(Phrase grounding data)
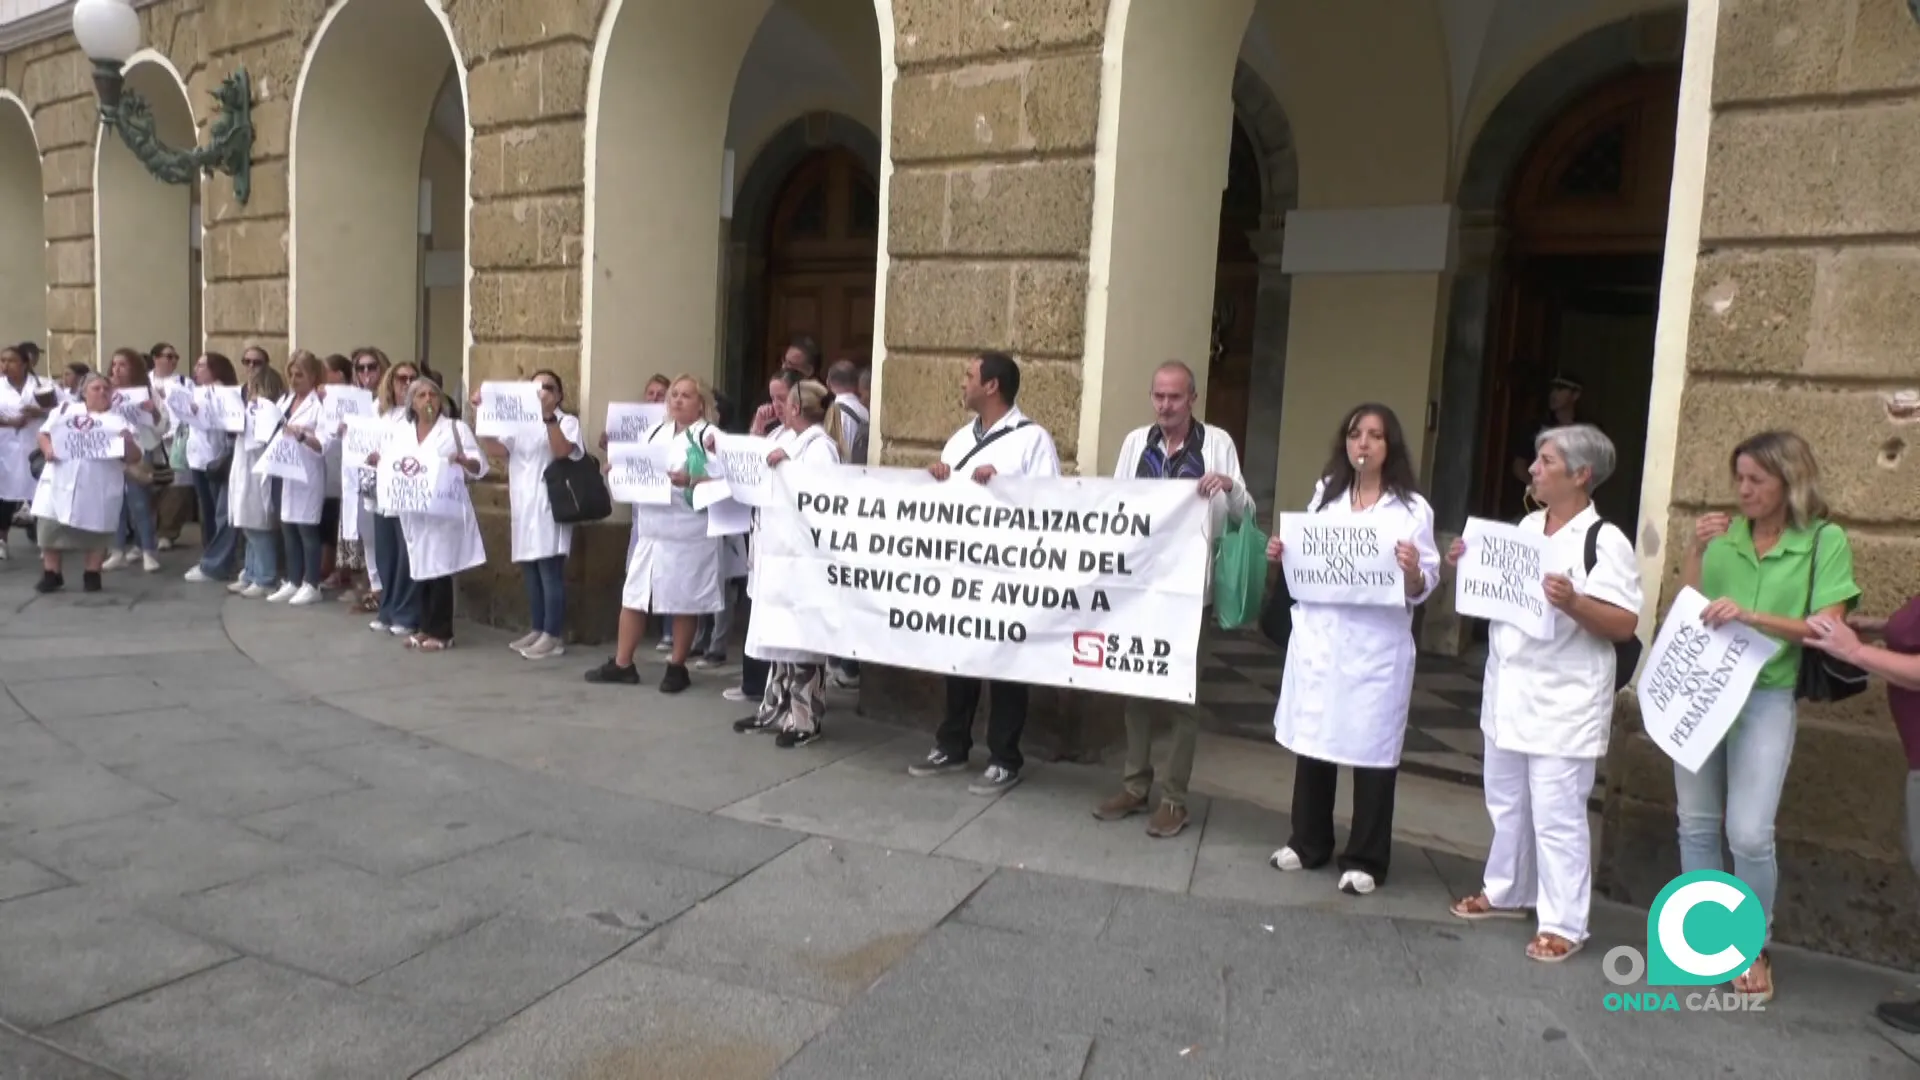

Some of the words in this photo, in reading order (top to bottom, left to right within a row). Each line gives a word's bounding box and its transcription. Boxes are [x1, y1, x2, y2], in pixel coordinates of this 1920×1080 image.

[797, 491, 849, 516] POR
[857, 496, 887, 520] LA
[896, 499, 1151, 538] MUNICIPALIZACIÓN
[810, 527, 822, 549] Y
[829, 529, 859, 553] LA
[868, 532, 1067, 572] DIGNIFICACIÓN
[1078, 549, 1133, 576] DEL
[1302, 526, 1378, 541] NUESTROS
[1302, 540, 1380, 557] DERECHOS
[1481, 535, 1541, 562] NUESTROS
[1293, 568, 1396, 587] PERMANENTES
[1324, 555, 1356, 571] SON
[1480, 550, 1541, 582] DERECHOS
[1501, 570, 1525, 591] SON
[827, 563, 942, 597] SERVICIO
[951, 577, 984, 601] DE
[991, 581, 1080, 611] AYUDA
[1090, 589, 1111, 612] A
[1463, 577, 1544, 618] PERMANENTES
[889, 607, 1027, 643] DOMICILIO
[1105, 652, 1170, 677] CÁDIZ
[1646, 620, 1694, 701] NUESTROS
[1653, 628, 1712, 713] DERECHOS
[1669, 633, 1751, 749] PERMANENTES
[1678, 663, 1711, 701] SON
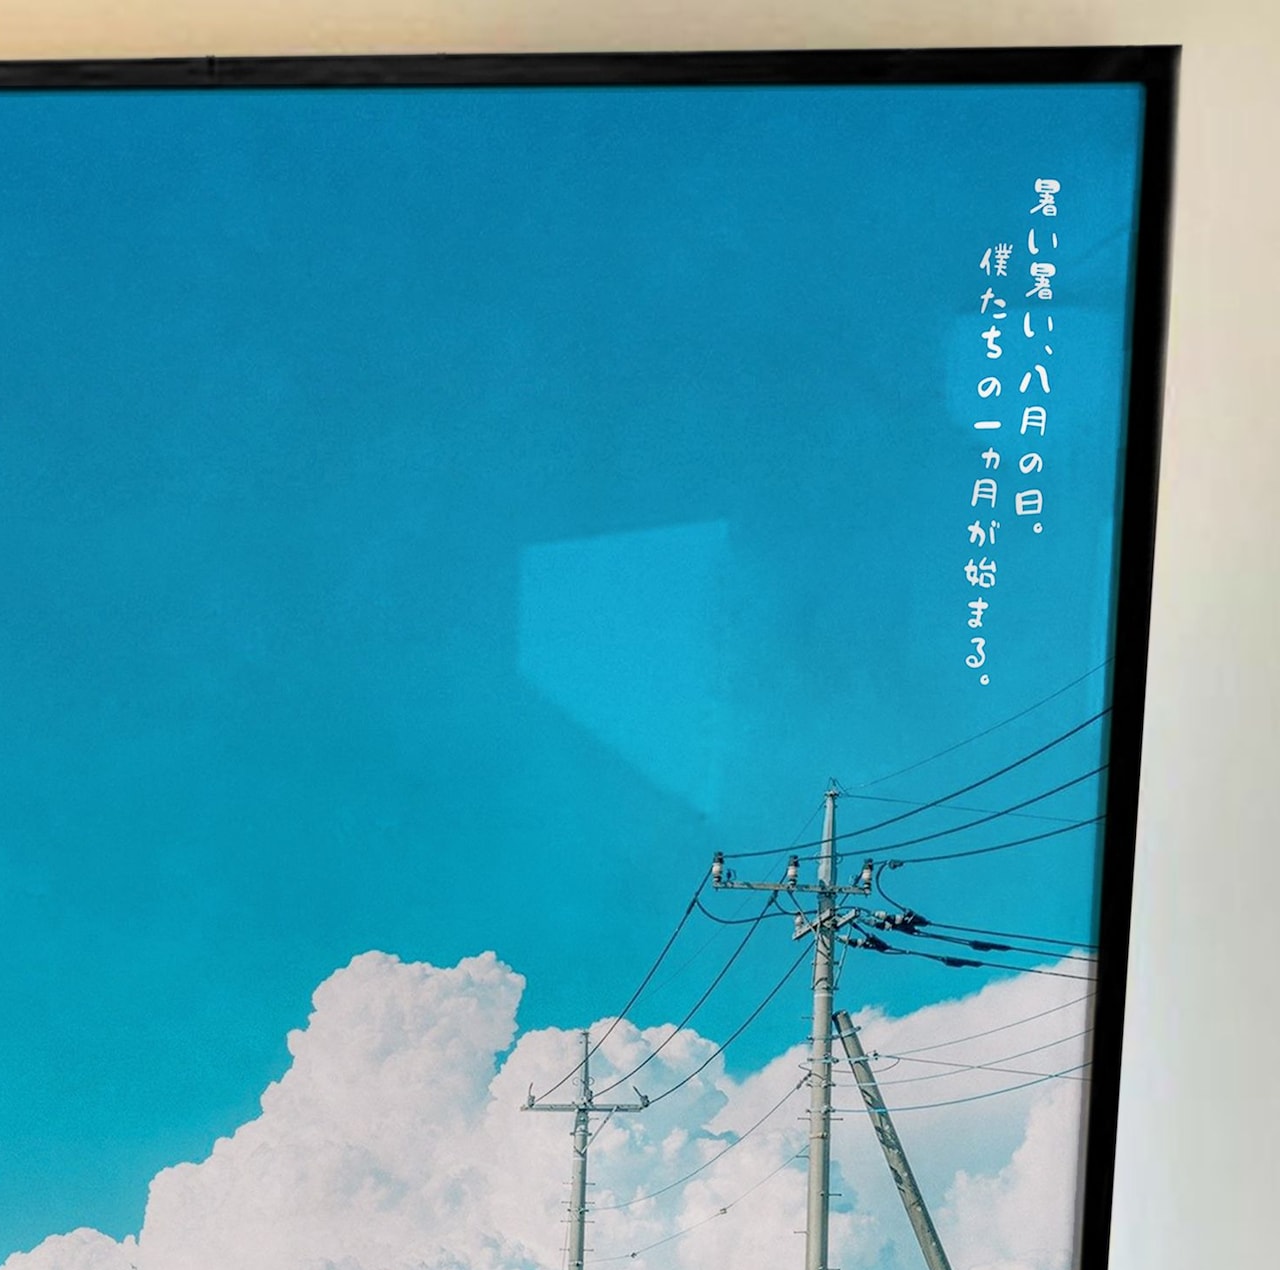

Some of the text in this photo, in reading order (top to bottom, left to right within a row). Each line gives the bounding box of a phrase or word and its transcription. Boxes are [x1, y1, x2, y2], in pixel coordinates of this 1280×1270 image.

[1015, 178, 1062, 534] 暑い暑い、八月の日。
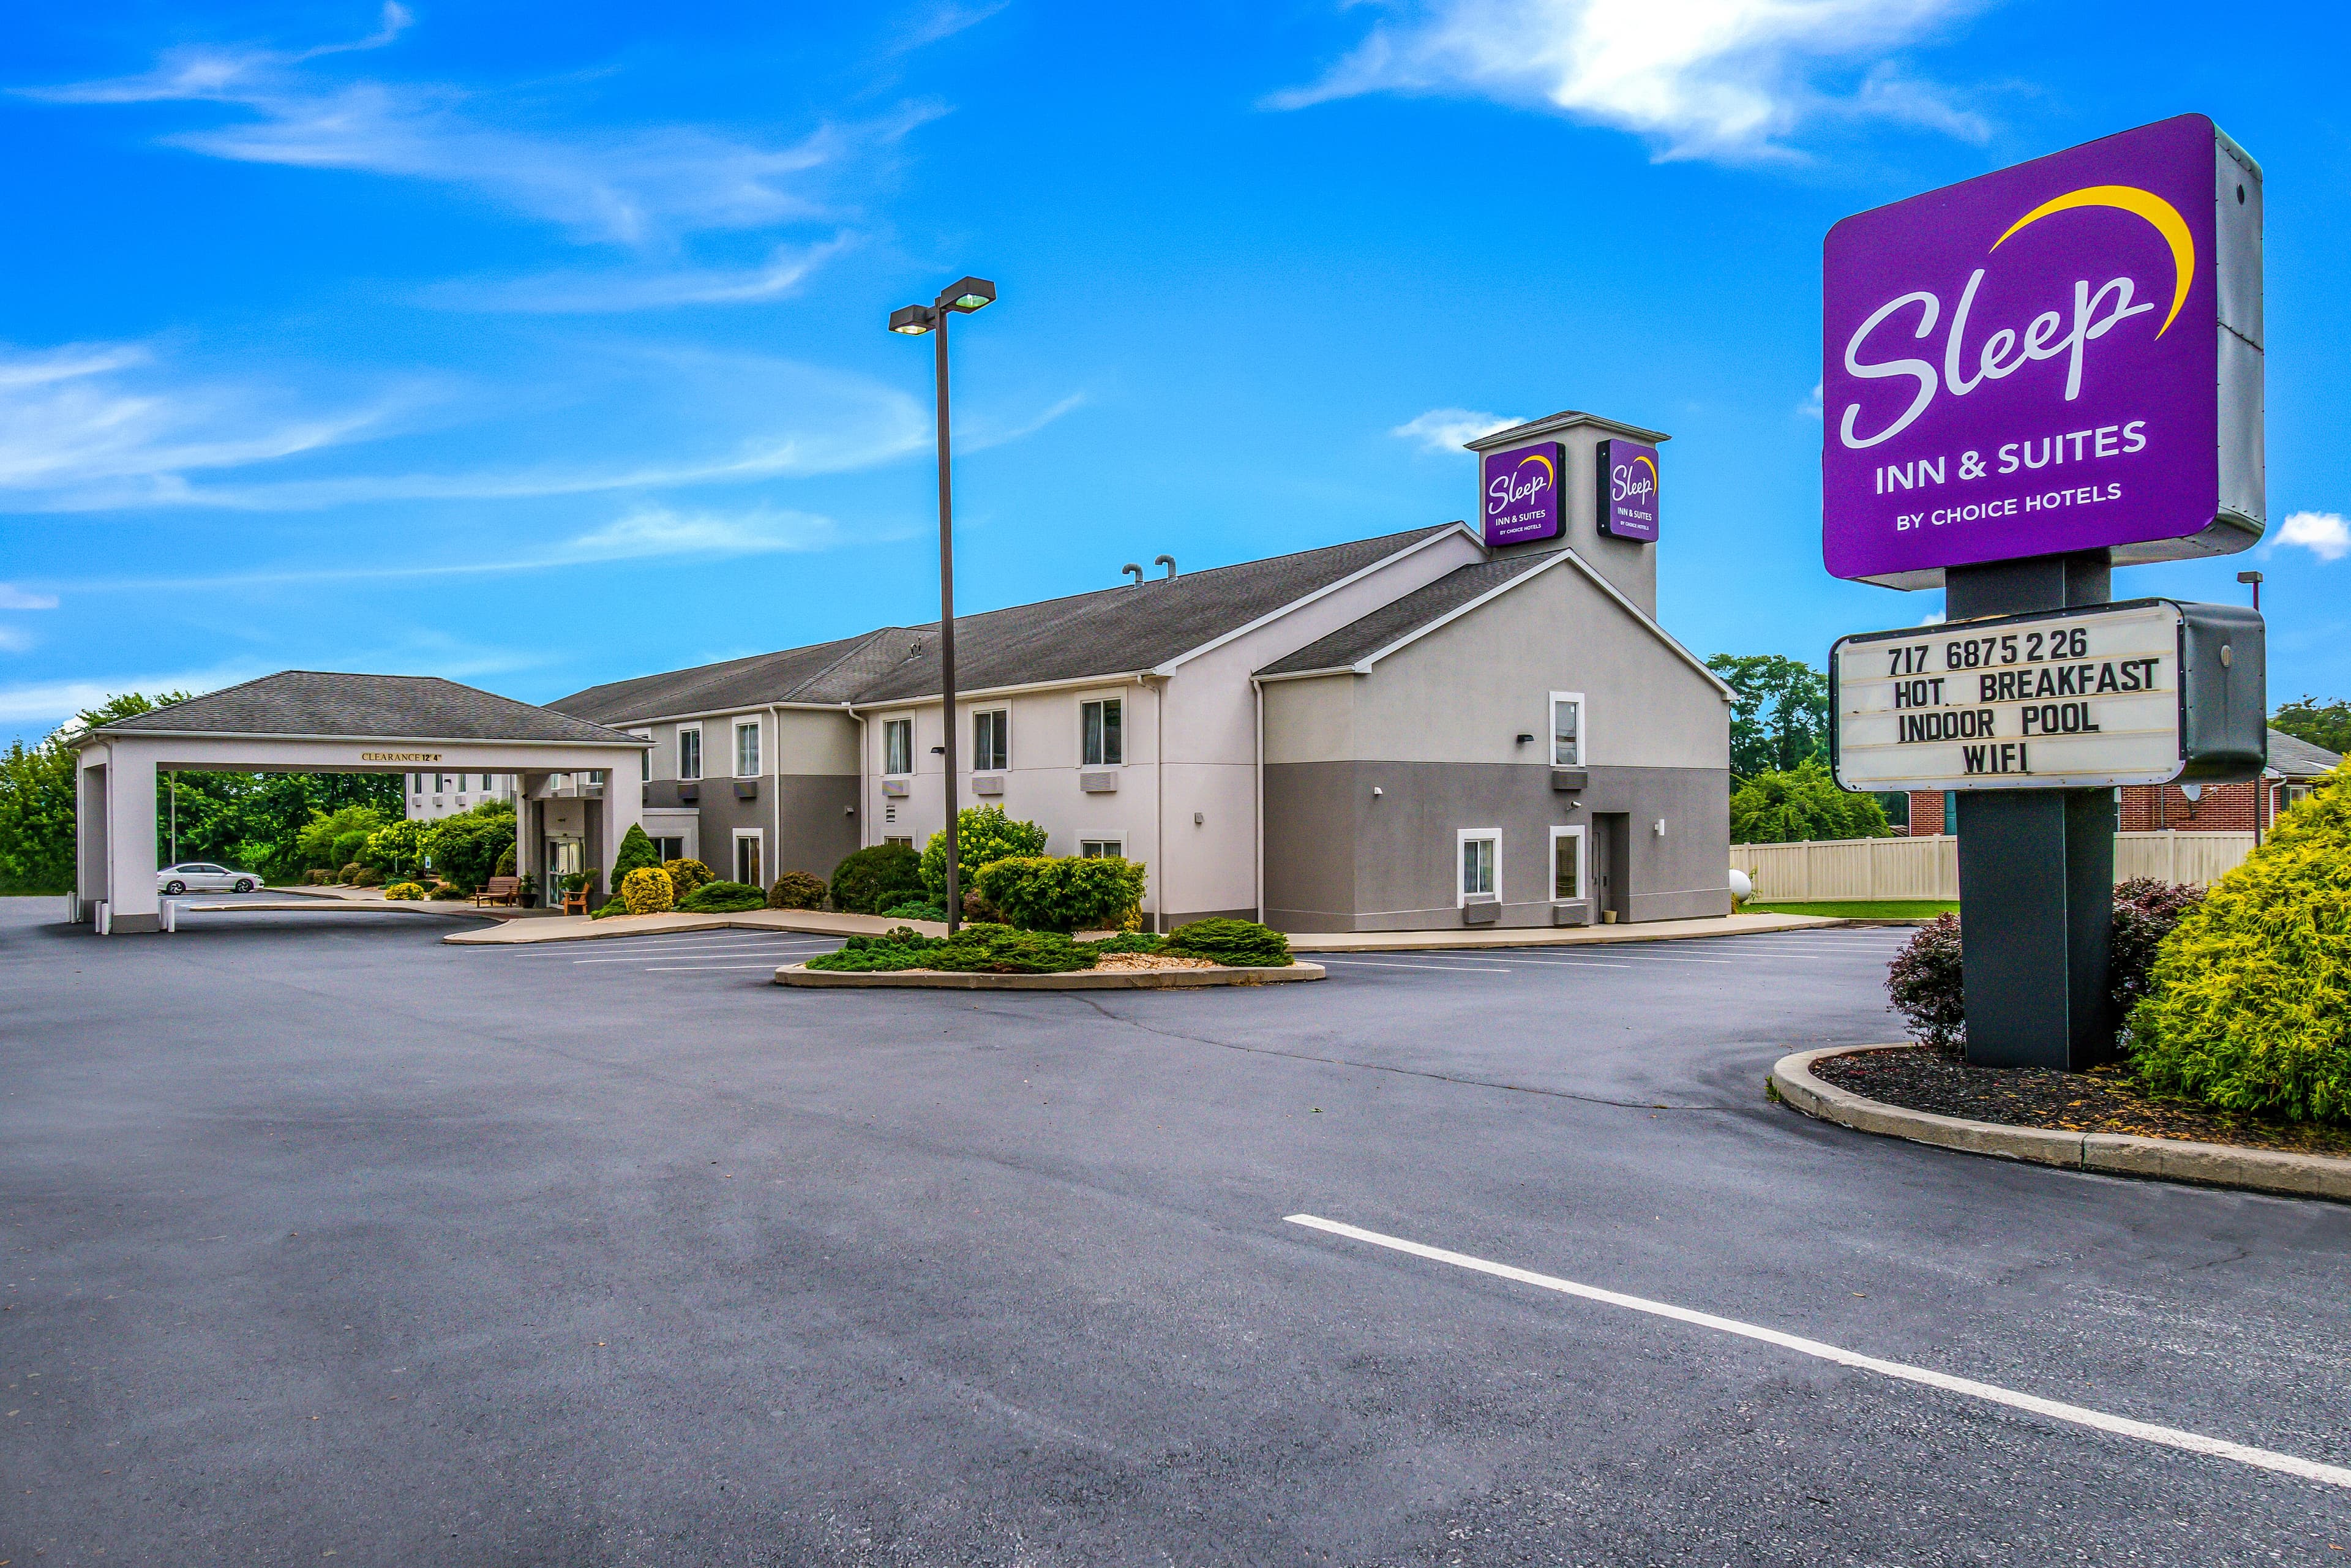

WHAT YOU NEED TO DO =>
Using the data above, write out every line exactly, leaving the images behind.

ANSWER FOR THIS EXERCISE =>
Some of the words in this photo, in reading order (top to bottom, left to right within a row). Each line gives a word's bounding box and its transcription. Boxes are [x1, y1, x2, y2], in pixel coordinates of this 1920×1080 image.

[797, 491, 849, 516] POR
[857, 496, 887, 520] LA
[896, 499, 1151, 538] MUNICIPALIZACIÓN
[810, 527, 822, 549] Y
[829, 529, 859, 553] LA
[868, 532, 1067, 572] DIGNIFICACIÓN
[1078, 549, 1133, 576] DEL
[1302, 526, 1378, 541] NUESTROS
[1302, 540, 1380, 557] DERECHOS
[1481, 535, 1541, 562] NUESTROS
[1293, 568, 1396, 587] PERMANENTES
[1324, 555, 1356, 571] SON
[1480, 550, 1541, 582] DERECHOS
[1501, 570, 1525, 591] SON
[827, 563, 942, 597] SERVICIO
[951, 577, 984, 601] DE
[991, 581, 1080, 611] AYUDA
[1090, 589, 1111, 612] A
[1463, 577, 1544, 618] PERMANENTES
[889, 607, 1027, 643] DOMICILIO
[1105, 652, 1170, 677] CÁDIZ
[1646, 620, 1694, 701] NUESTROS
[1653, 628, 1712, 713] DERECHOS
[1669, 633, 1751, 749] PERMANENTES
[1678, 663, 1711, 701] SON

Some of the text in this photo, in reading order (top to bottom, left to right within a row). Each line gives the bounding box of a phrase or word and its transcription. Boxes are [x1, y1, x2, y2], in pixel coordinates of this 1280×1270 image.

[1015, 178, 1062, 534] 暑い暑い、八月の日。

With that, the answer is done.